On Sun, Jan 12, 2025 at 3:04 PM Štefan Miklošovič <smikloso...@apache.org>
wrote:

> Oh yeah I knew Sidecar will be mentioned, let's dive into that.
>
> Sidecar has a lot of endpoints / functionality, backup / restore is just
> part of that.
>
> What I proposed has also thes advantages:
>
> 1) Every time you go to upload to some cloud storage provider, you need to
> add all the dependencies to Sidecar to do that. In the case of S3, we need
> to add S3 libs. What about Azure? We need to add a library which knows how
> to talk to Azure. Then GCP ... This was probably the case why this "cloud
> specific" functionality was never part of Cassandra itself but by adding
> all the libraries with all the dependencies, we would bloat the tarball
> unnecessarily, tracking all the dependencies which might be incompatible
> etc.
>
> However, you can also mount S3 bucket to a system and it acts as any other
> native data dir.

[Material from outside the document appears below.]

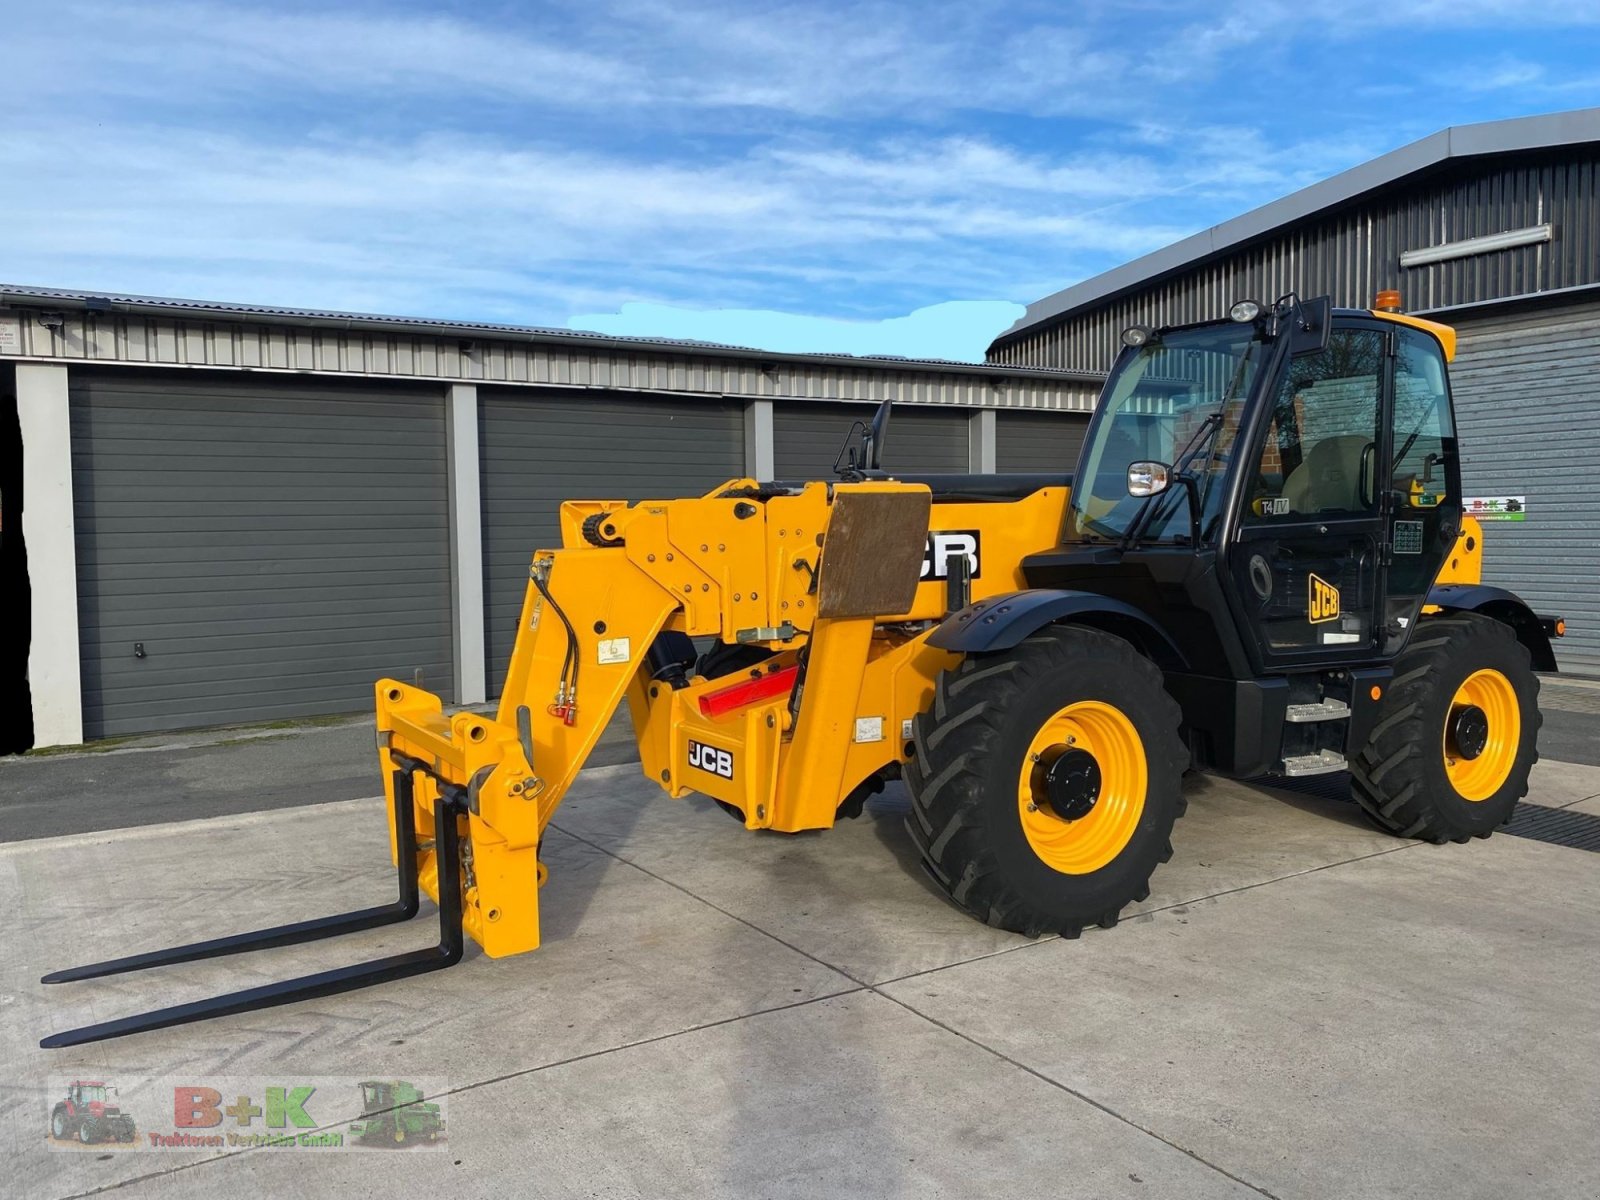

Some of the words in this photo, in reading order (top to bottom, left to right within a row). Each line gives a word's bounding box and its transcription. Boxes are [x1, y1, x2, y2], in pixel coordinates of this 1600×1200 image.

[1473, 500, 1499, 509] B+K
[1311, 580, 1338, 619] JCB
[689, 743, 732, 777] JCB

You can do the same with Azure (1) etc. But you do not
> need to depend on any library. It will just copy files. That's it. That
> means we are ready for whatever storage there might be as long as it can be
> mounted locally. We would just have the same code for Azure, S3, NFS, a
> local disk ... anything.
>
> 2) I am not sure we should _force_ people to use Sidecar if there are way
> more simple ways to do the job. If we just enabled snapshots to be taken
> outside of Cassandra data dir, then there is no reason to use Sidecar just
> to be able to backup snapshots because Cassandra could do it itself. I
> think we should strive for doing as much as possible with the least amount
> of effort and I do not think that taking care of Sidecar for each node in a
> cluster, configuring it, learning it should be mandatory. What if a
> respective business is not interested in running Sidecar, they just want to
> copy directly from Cassandra and be done with it? If we force people to use
> Sidecar then somebody has to take care of all of that.
>
> I am not saying that Sidecar is not suitable for restoring / backuping,
> but I do not see anything wrong with having options.
>
> (1)
> https://learn.microsoft.com/en-us/azure/storage/blobs/blobfuse2-configuration
>
> On Sun, Jan 12, 2025 at 11:46 PM Jon Haddad <j...@rustyrazorblade.com>
> wrote:
>
>> Sound like part of a backup strategy.    Probably worth chiming in on the
>> sidecar issue: https://issues.apache.org/jira/browse/CASSSIDECAR-148.
>>
>> IIRC, Medusa and Tablesnap both uploaded a manifest and don't upload
>> multiple copies of the same SSTables.  I think this should definitely be
>> part of our backup system.
>>
>> Jon
>>
>>
>>
>> On Sun, Jan 12, 2025 at 10:25 AM Štefan Miklošovič <
>> smikloso...@apache.org> wrote:
>>
>>> Hi,
>>>
>>> I would like to run this through ML to gather feedback as we are
>>> contemplating about making this happen.
>>>
>>> Currently, snapshots are just hardlinks located in a snapshot directory
>>> to live data directory. That is super handy as it occupies virtually zero
>>> disk space etc (as long as underlying SSTables are not compacted away, then
>>> their size would "materialize").
>>>
>>> On the other hand, because it is a hardlink, it is not possible to make
>>> hard links across block devices (infamous "Invalid cross-device link"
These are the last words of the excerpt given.